- A side portion of the 1991 VHS box set of nine volumes
- Genre: Documentary
- Written by: Geoffrey C. Ward Ric Burns
- Directed by: Ken Burns
- Voices of: Sam Waterston Jason Robards Julie Harris Morgan Freeman Arthur Miller George Plimpton Paul Roebling Garrison Keillor George Black Christopher Murney Charley McDowell Shelby Foote Philip Bosco Terry Courier Jody Powell Studs Terkel
- Narrated by: David McCullough
- Country of origin: United States
- Original language: English
- No. of seasons: 1
- No. of episodes: 9

Production
- Producers: Ken Burns Ric Burns
- Cinematography: Ken Burns Allen Moore Buddy Squires
- Editors: Paul Barnes Bruce Shaw Tricia Reidy
- Running time: 690 minutes/11 hours 30 minutes (9 episodes)
- Production companies: Kenneth Lauren Burns Productions (Florentine Films), WETA-TV

Original release
- Network: PBS
- Release: September 23 – September 27, 1990

= The Civil War (miniseries) =

1990 documentary film series by Ken Burns

The Civil War is a 1990 American television documentary miniseries created by Ken Burns about the American Civil War. It was the first broadcast to air on PBS for five consecutive nights, from September 23 to 27, 1990.

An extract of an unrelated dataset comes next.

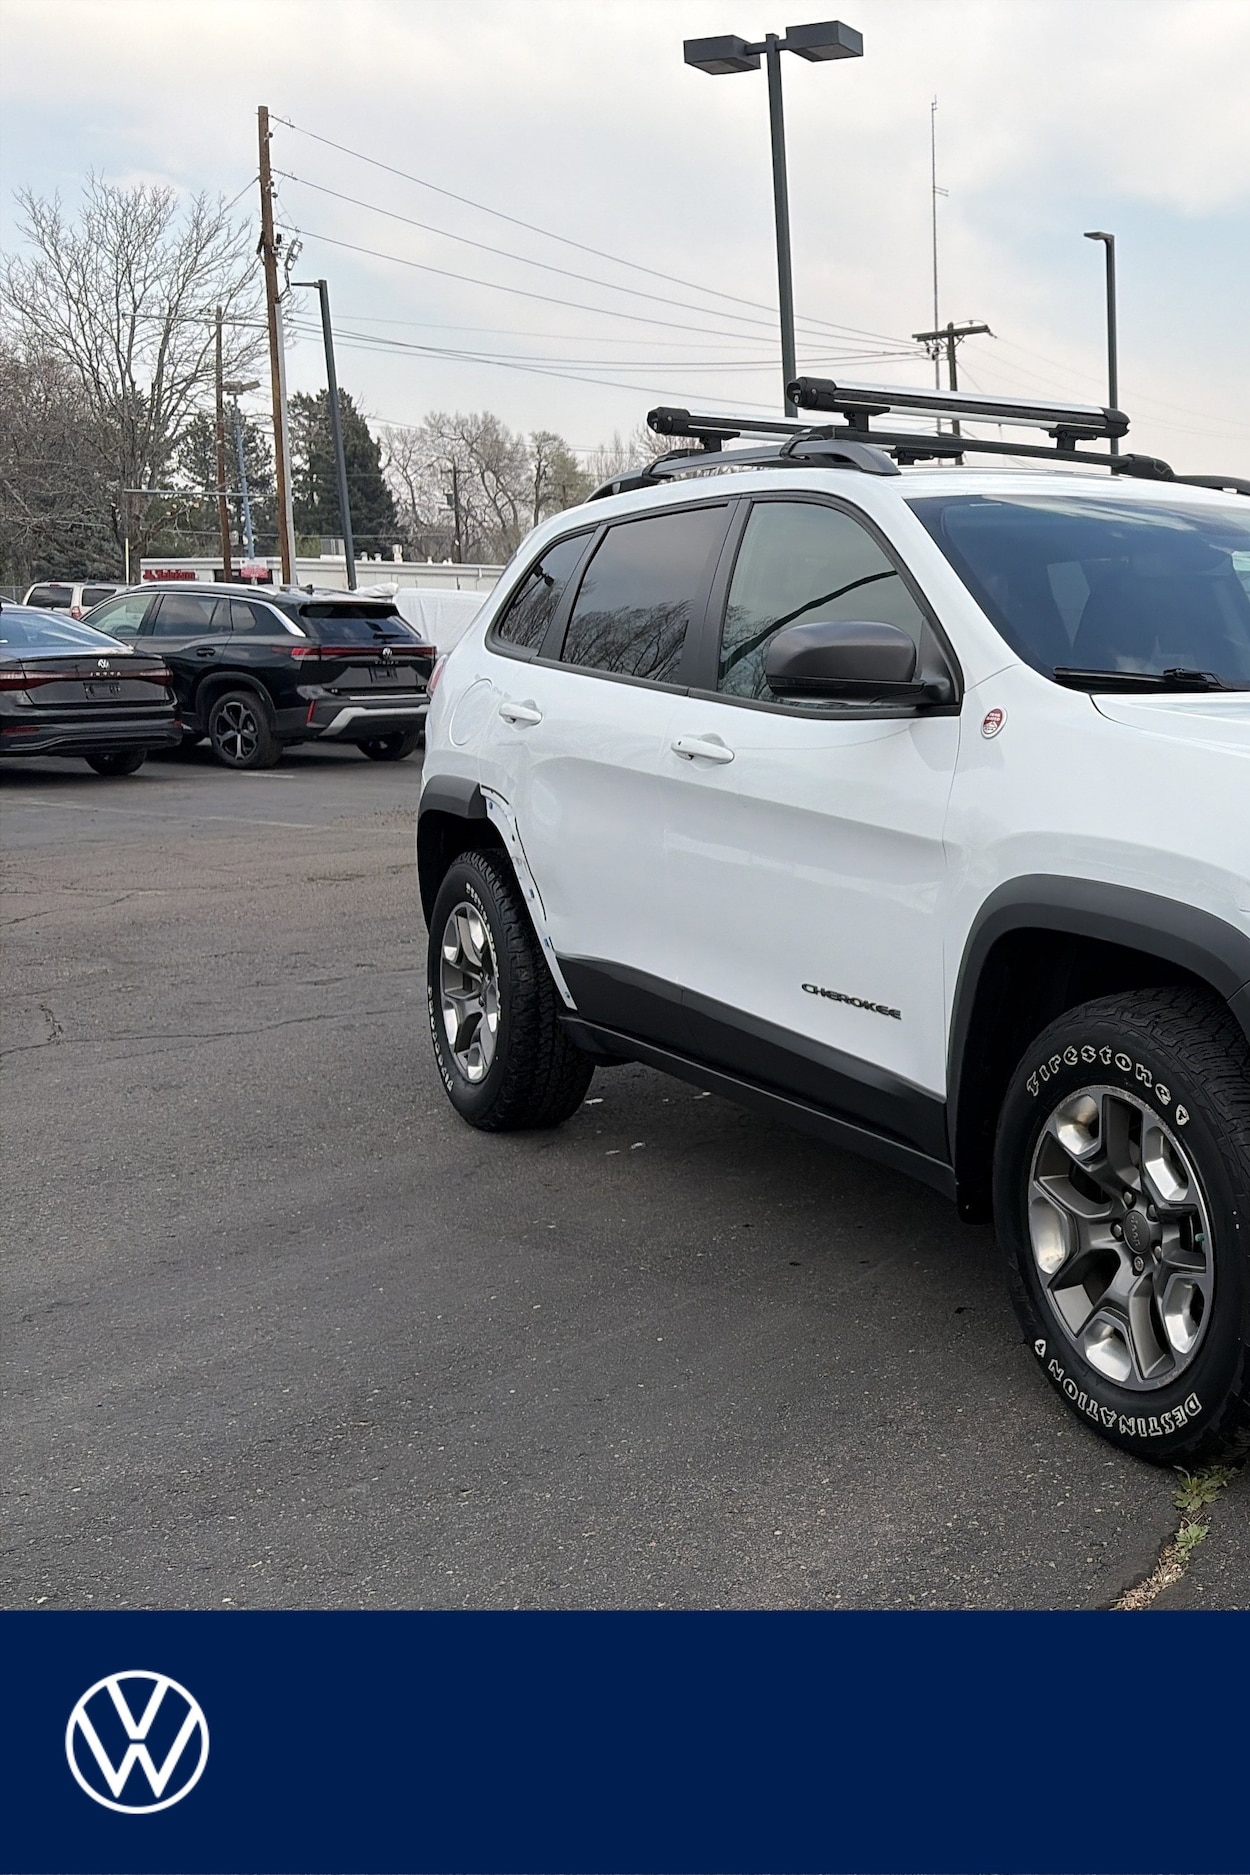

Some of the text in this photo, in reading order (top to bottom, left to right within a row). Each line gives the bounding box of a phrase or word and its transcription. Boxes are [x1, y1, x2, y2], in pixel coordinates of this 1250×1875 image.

[801, 983, 902, 1020] CHEROKEE
[1026, 1045, 1171, 1105] Firestone
[1048, 1359, 1202, 1437] DESTINATION
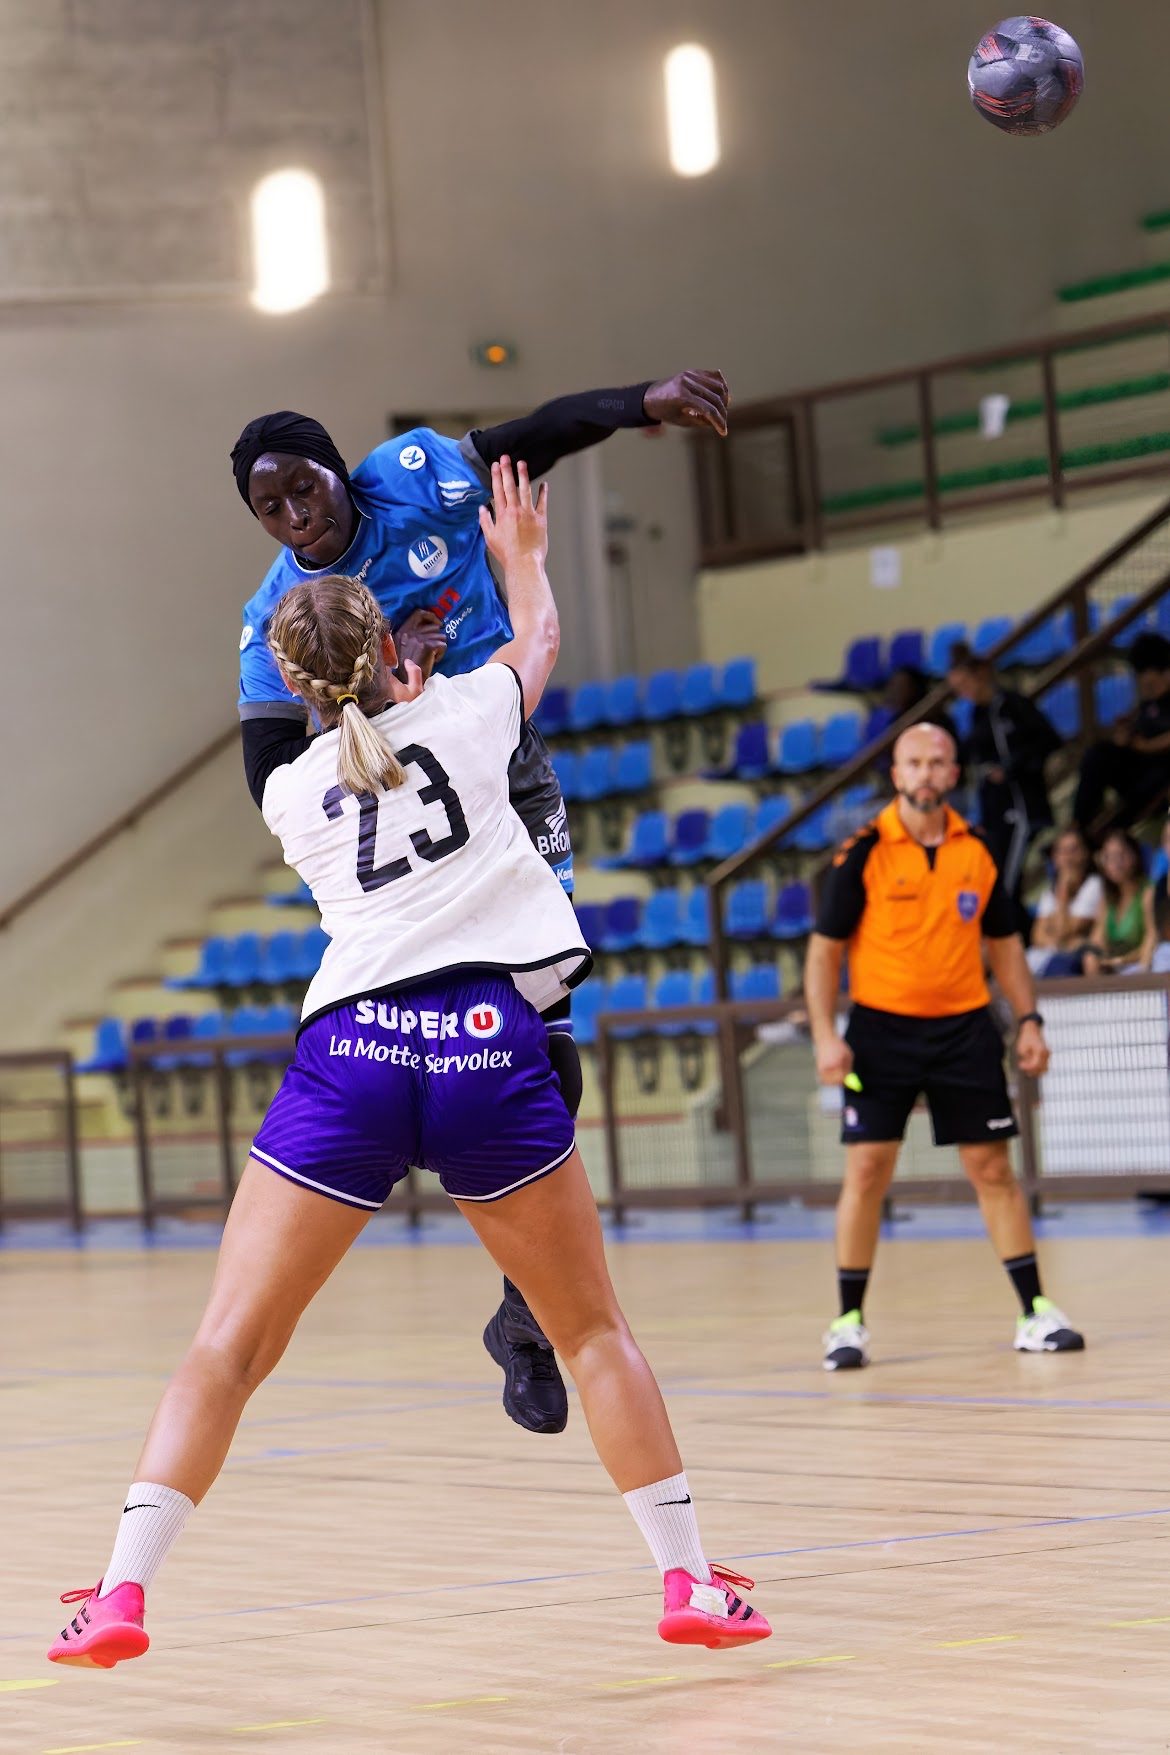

More than 39 million viewers tuned in to at least one episode, and viewership averaged more than 14 million viewers each evening, making it the most-watched program ever to air on PBS. It was awarded more than 40 major television and film honors. A companion book to the documentary was released shortly after the series aired.

The film's production techniques were groundbreaking for the time, and spawned film techniques such as the Ken Burns effect. Its theme song, "Ashokan Farewell" is widely acclaimed. The series was extremely influential, and serves as the main source of knowledge about the Civil War to many Americans. However, some historians have criticized the film for its narrow focus on the battles of the war, for presenting the Lost Cause views of Shelby Foote, and for not delving into the subsequent, racially contentious Reconstruction era.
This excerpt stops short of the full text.